The fifth sunday in Ordinary Time




By Evan Underbrink

            If you were to scan literature section of your local library or bookstore, I would bet that you’d find the happy endings are outnumbered, flanked on all sides. Upon that library shelf, where all the timeless classics reside, you'll find the joyful ends of the Divina Commedia and Odyssey. But surrounding these on all sides there is a Hamlet, Antigone, Media
Job on the dunghill,
Gonzalo Carrasco
            This is really no surprise that the really profound works have some necessary glare into the dark. As human beings, we do not like to contemplate death or tragedy much, and so it is right for books and art to take is places we wouldn't readily go. What benefit is there to the melancholy of death? I mean here true death and grief, not the fondled desires of morbid minds, wondering how people will respond to our suicide. That is another kind of brokenness, the product of which is usually only sad ghosts. No, for most of western humanity, we take grand and almost comical steps to escape, justify, or satiate our personal tragedies and grief. Like some wild boar tearing through thick undergrowth, our flesh defies, races, and is finally subdued by time.
            It is well, then, that great literature turns our minds to stare at that which we would not naturally look.

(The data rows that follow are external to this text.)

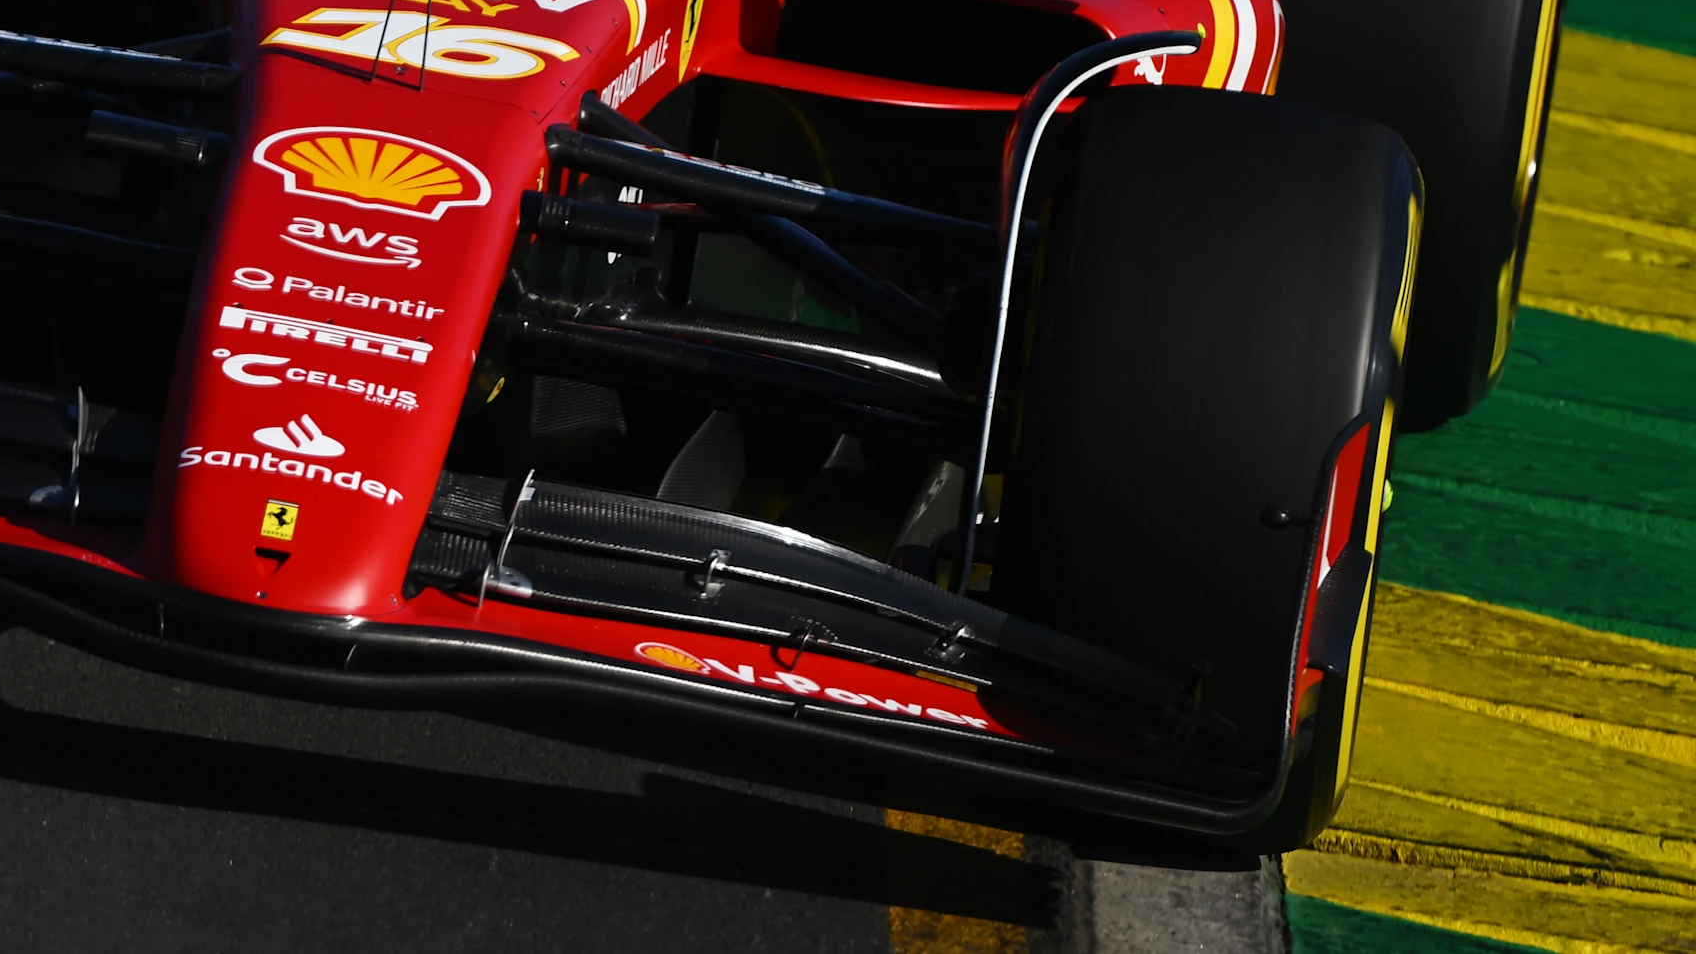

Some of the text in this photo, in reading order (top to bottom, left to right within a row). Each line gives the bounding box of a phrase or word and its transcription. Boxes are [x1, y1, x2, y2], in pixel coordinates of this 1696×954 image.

[259, 7, 581, 80] 16
[286, 215, 421, 257] aws
[281, 274, 446, 321] Palantir
[219, 305, 434, 364] PIRELLI
[286, 366, 418, 406] CELSIUS
[364, 394, 415, 413] LIVE FIT
[178, 445, 405, 507] Santander
[707, 656, 991, 731] V-Power
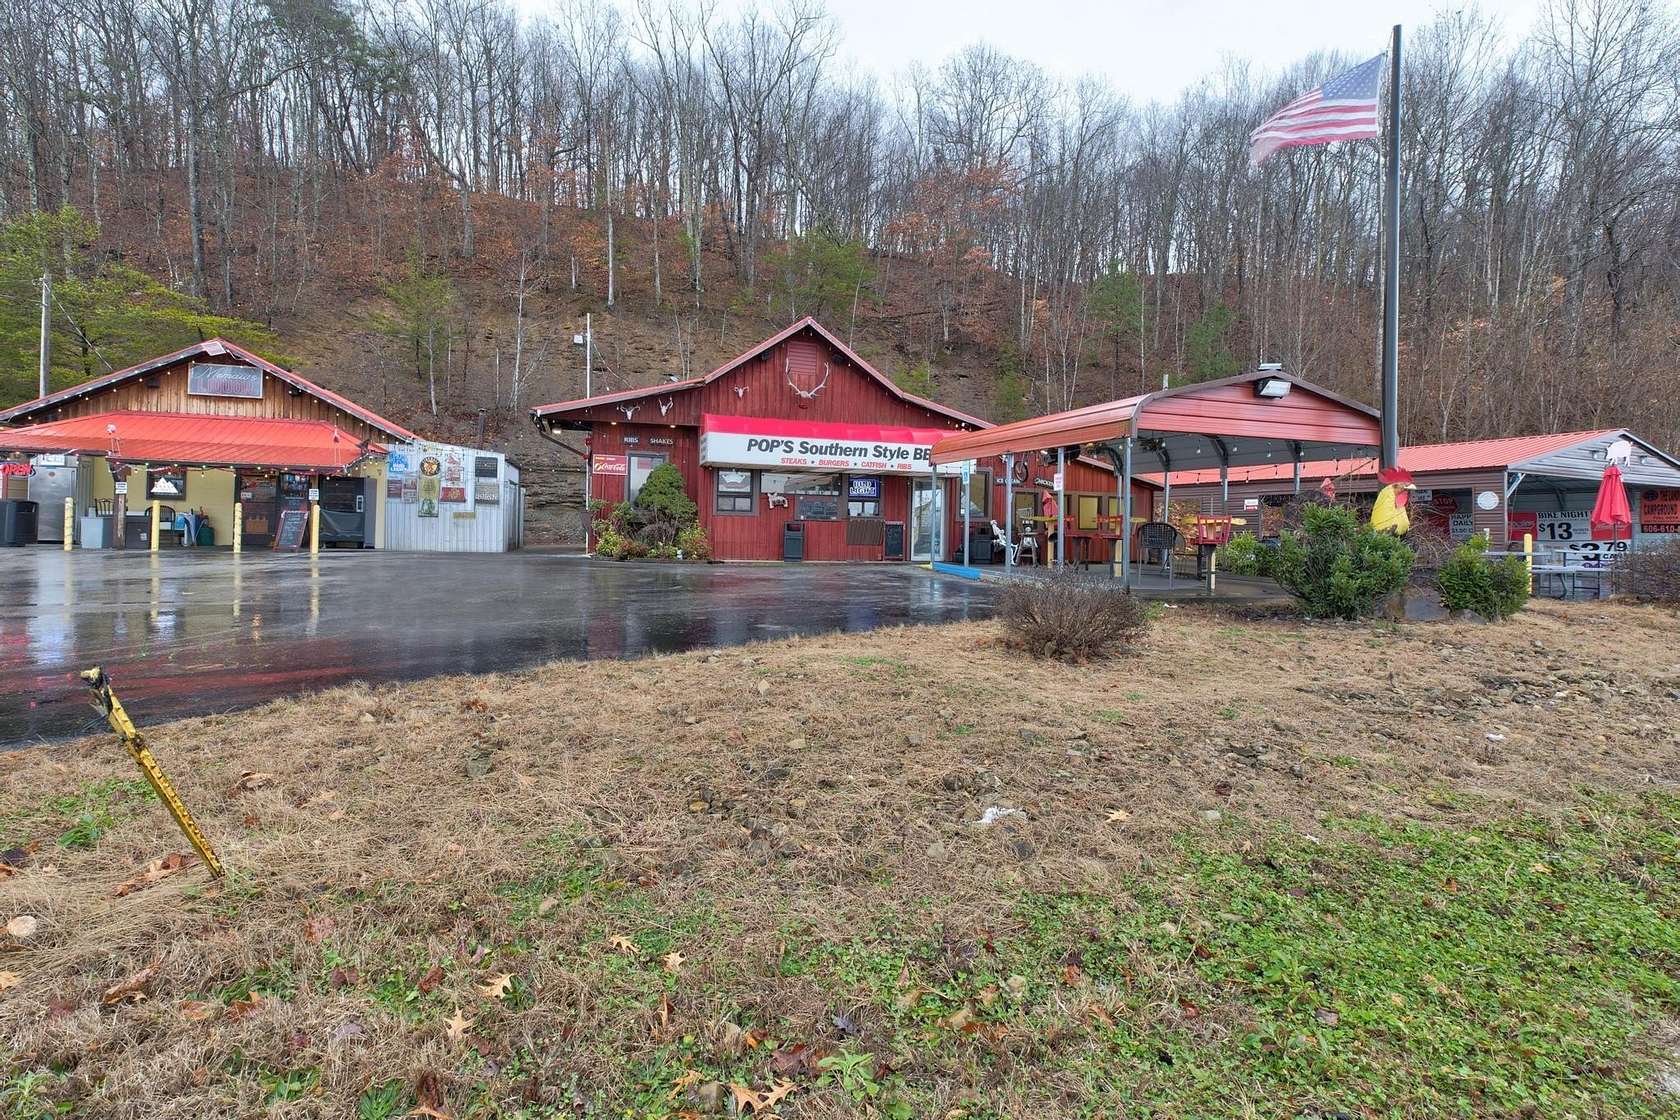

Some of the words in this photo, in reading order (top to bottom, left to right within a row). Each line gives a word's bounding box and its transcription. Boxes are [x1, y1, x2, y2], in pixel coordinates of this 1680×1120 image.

[747, 438, 794, 454] POP'S
[798, 441, 868, 458] Southern
[872, 445, 909, 461] Style
[913, 447, 932, 461] BB
[781, 457, 807, 465] STEAKS
[818, 459, 849, 467] BURGERS
[861, 461, 887, 469] CATFISH
[1560, 511, 1588, 519] NIGHT
[1643, 524, 1680, 533] 606-610-

It scratches the itch in a place where we have never thought to touch, and we recognize that living life without coming to terms with our own dusty quality is to inevitably be doomed to nameless, void-filled fears. Or perhaps even worse, to not come to sober terms with life can lead to us approaching tragedy without understanding. A person who feels grief without an understanding of the scope and quality of tragedy has no recourse but themselves, and very often ends up wandering the twilight between safety and understanding. Anyone who has experienced that twilight, perhaps someone wounded searching for healing or at least the reason, or perhaps looking for God to reveal Himself and answer some questions, can tell you that the twilight between truth and the dark is a disorienting, terrible place to be.
            But what of the great comedies? Are they lesser, because they do not leave us in this contemplation? Of course not! And indeed, the very fact that these works inevitably take us through some tour of hell or dead-man’s land shows that the great comedies are not without their contemplation of that sad end. If anything, the comedies are of a higher order of fiction, because they reveal that the tragedy is not the only end.

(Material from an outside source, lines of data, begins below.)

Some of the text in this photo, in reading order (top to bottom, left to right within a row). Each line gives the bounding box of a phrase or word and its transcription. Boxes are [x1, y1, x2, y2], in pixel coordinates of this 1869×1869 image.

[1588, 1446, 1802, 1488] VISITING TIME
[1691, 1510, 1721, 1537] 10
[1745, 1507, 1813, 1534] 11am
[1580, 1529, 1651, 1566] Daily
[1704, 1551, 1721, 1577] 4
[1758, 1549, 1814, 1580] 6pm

            Our spiritual nature, which is a foreign sojourner in the land of time, turns away from death the same way we might look through a glass door. Since we know Christ, we clearly see life eternal. For Christ came as a healer; his balms were not reserved only for soul and mind, but for body and being as well. They brought the sick to the God-man, and so they were healed. We therefore have no more fear of death than of any other door into different places. The spiritual mind turns away from death, simply because death is deprived of its dark robes, cloaks, and terrible visage.
Christ in the Wilderness
Moretto da Brescia
            But in today's gospel, after healing St. Simon's mother, Jesus departs from the village, and goes someplace quiet, in the dark where all the great works glare. For those of us well along in our faith, there is a call to go out into that dark, and find Christ in the quiet places. That is where we point the young ones, once they are ready for that long journey. And in the dark, we who care for community as the Body cares for its members, must keep our eyes out for the lost ones who wander alone, somewhere between the dark and light.
            It is no surprise that some are lost between these places of dark and light. For a strange thing happens in our nature as we approach Christ. The flesh, which had begun in confident, perceptive strides while in the village of the world, is now stumbling in deeper and deeper twilight. Meanwhile, that which is divine in us approaches Christ like waking eyes meet the rising of the sun.